Is It Too Late To Consider Buying Stabilus SE (ETR:STM)?
While Stabilus SE (ETR:STM) might not have the largest market cap around , it received a lot of attention from a substantial price movement on the XTRA over the last few months, increasing to €61.20 at one point, and dropping to the lows of €44.15. Some share price movements can give investors a better opportunity to enter into the stock, and potentially buy at a lower price. A question to answer is whether Stabilus' current trading price of €44.15 reflective of the actual value of the small-cap? Or is it currently undervalued, providing us with the opportunity to buy? Let’s take a look at Stabilus’s outlook and value based on the most recent financial data to see if there are any catalysts for a price change.
See our latest analysis for Stabilus
What Is Stabilus Worth?
The share price seems sensible at the moment according to our price multiple model, where we compare the company's price-to-earnings ratio to the industry average. We’ve used the price-to-earnings ratio in this instance because there’s not enough visibility to forecast its cash flows. The stock’s ratio of 14.84x is currently trading slightly below its industry peers’ ratio of 16.07x, which means if you buy Stabilus today, you’d be paying a reasonable price for it. And if you believe Stabilus should be trading in this range, then there isn’t much room for the share price to grow beyond the levels of other industry peers over the long-term. Although, there may be an opportunity to buy in the future. This is because Stabilus’s beta (a measure of share price volatility) is high, meaning its price movements will be exaggerated relative to the rest of the market. If the market is bearish, the company’s shares will likely fall by more than the rest of the market, providing a prime buying opportunity.
Can we expect growth from Stabilus?
Future outlook is an important aspect when you’re looking at buying a stock, especially if you are an investor looking for growth in your portfolio. Although value investors would argue that it’s the intrinsic value relative to the price that matter the most, a more compelling investment thesis would be high growth potential at a cheap price. With profit expected to grow by 80% over the next couple of years, the future seems bright for Stabilus. It looks like higher cash flow is on the cards for the stock, which should feed into a higher share valuation.
What This Means For You
Are you a shareholder? It seems like the market has already priced in STM’s positive outlook, with shares trading around industry price multiples. However, there are also other important factors which we haven’t considered today, such as the track record of its management team.
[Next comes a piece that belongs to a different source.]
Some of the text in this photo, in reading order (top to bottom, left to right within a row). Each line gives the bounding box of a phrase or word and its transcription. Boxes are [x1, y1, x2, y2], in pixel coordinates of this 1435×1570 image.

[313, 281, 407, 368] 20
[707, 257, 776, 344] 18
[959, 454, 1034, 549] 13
Have these factors changed since the last time you looked at STM? Will you have enough confidence to invest in the company should the price drop below the industry PE ratio?
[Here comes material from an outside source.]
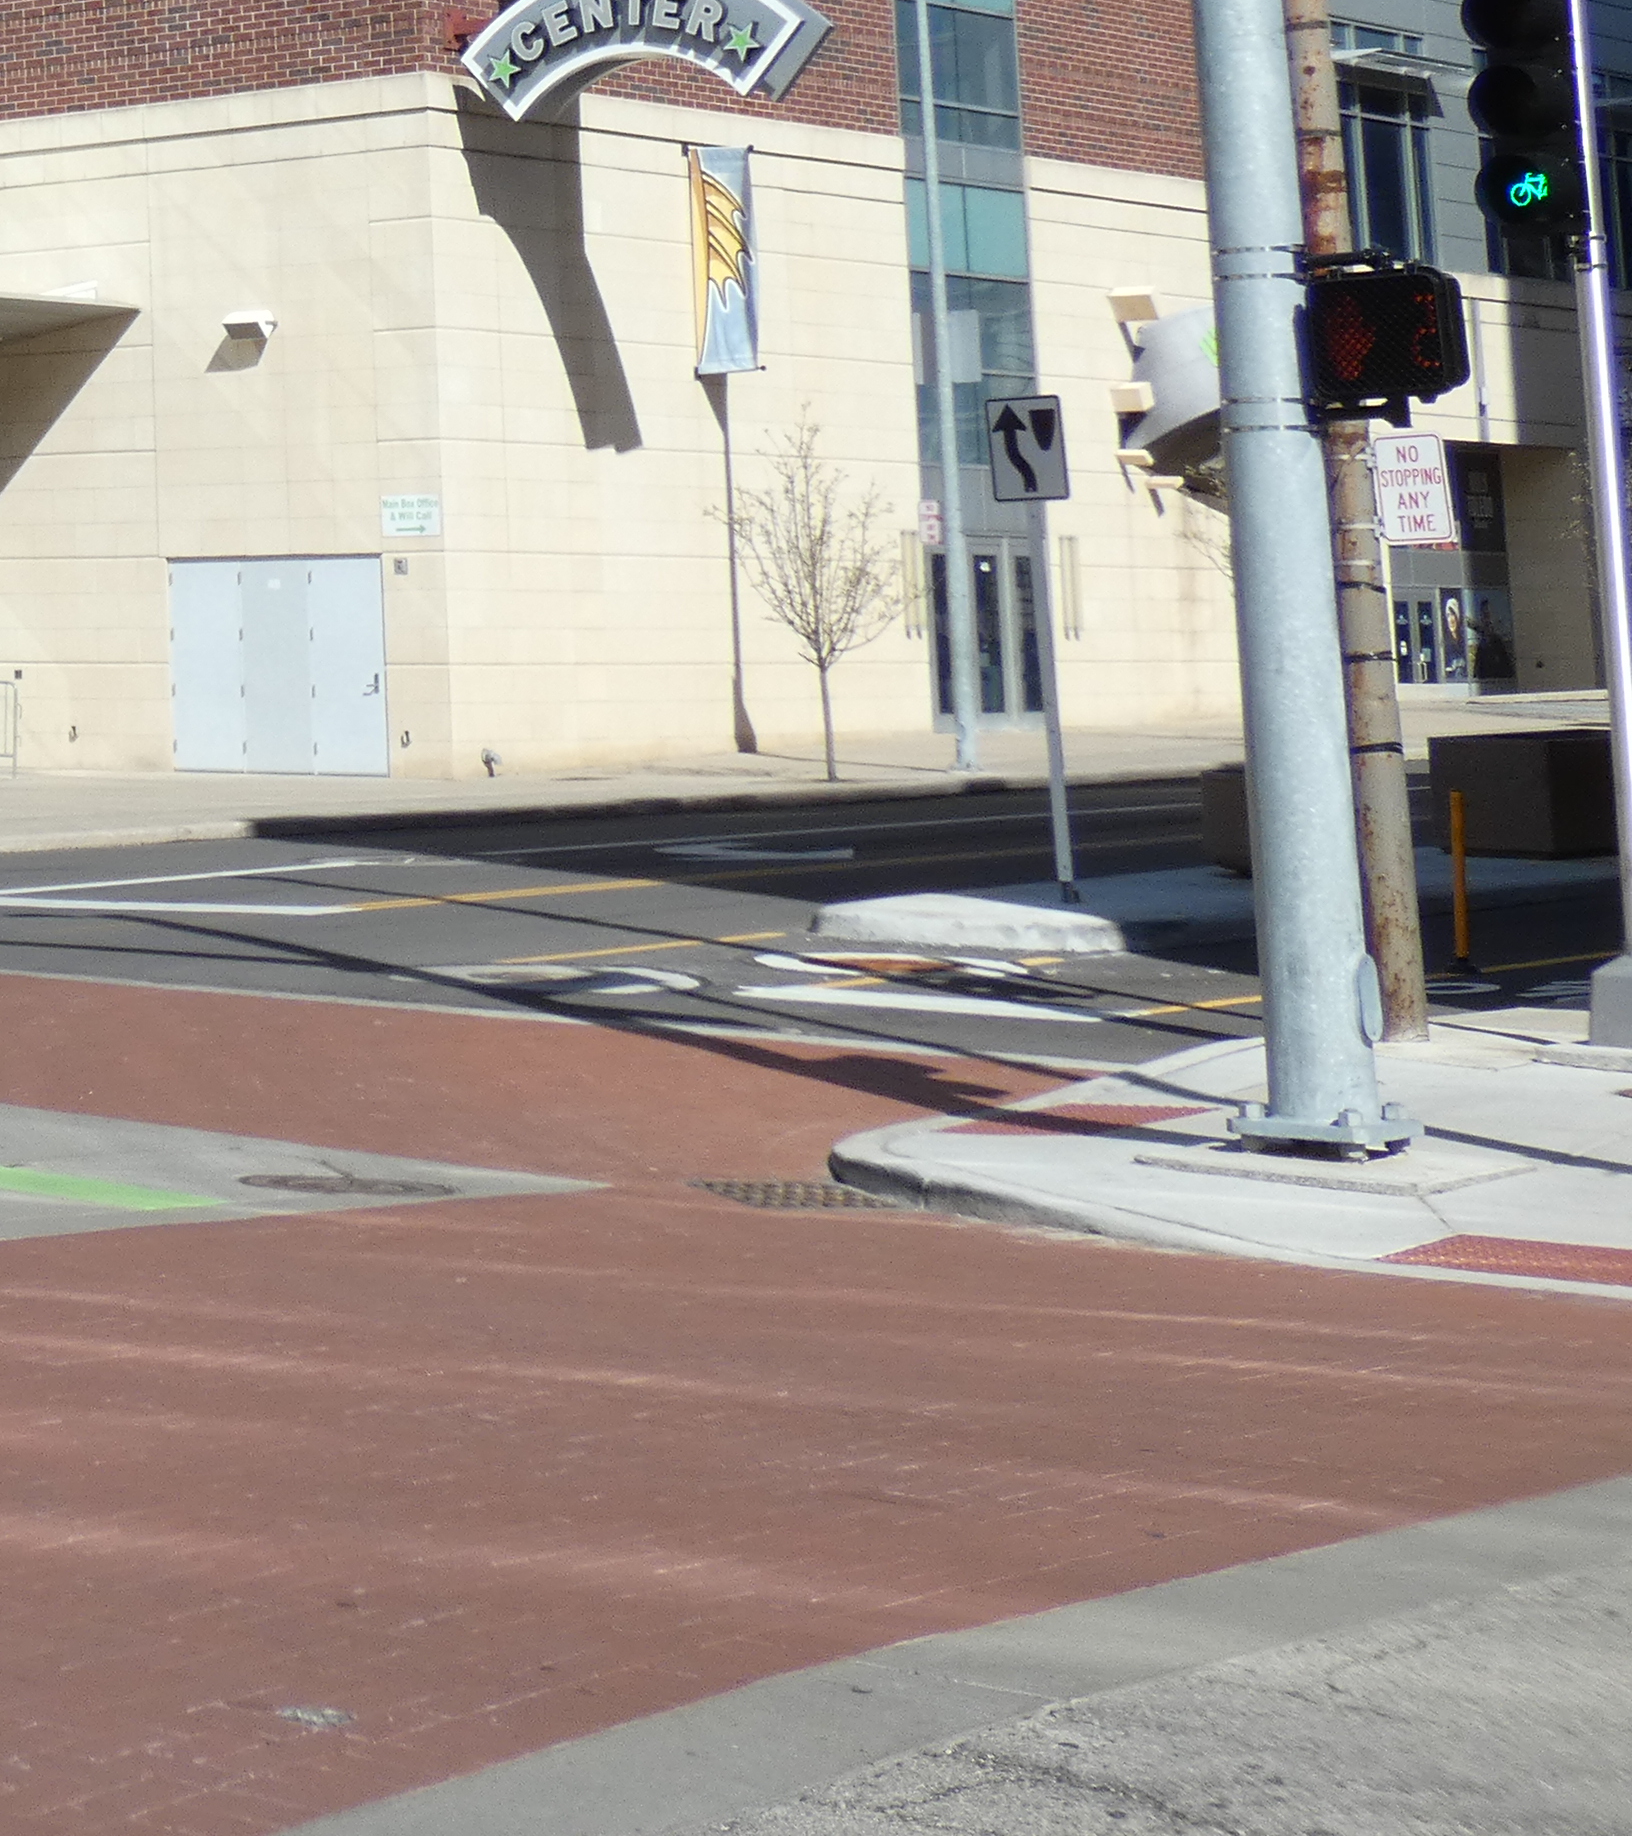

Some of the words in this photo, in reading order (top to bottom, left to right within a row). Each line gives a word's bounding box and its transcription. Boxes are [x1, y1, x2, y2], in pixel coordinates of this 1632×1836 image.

[1396, 445, 1419, 463] NO
[1380, 467, 1442, 488] STOPPING
[1397, 491, 1430, 510] ANY
[1397, 514, 1436, 533] TIME
Are you a potential investor? If you’ve been keeping an eye on STM, now may not be the most optimal time to buy, given it is trading around industry price multiples. However, the positive outlook is encouraging for STM, which means it’s worth diving deeper into other factors such as the strength of its balance sheet, in order to take advantage of the next price drop.
So while earnings quality is important, it's equally important to consider the risks facing Stabilus at this point in time. Every company has risks, and we've spotted 3 warning signs for Stabilus you should know about.
If you are no longer interested in Stabilus, you can use our free platform to see our list of over 50 other stocks with a high growth potential.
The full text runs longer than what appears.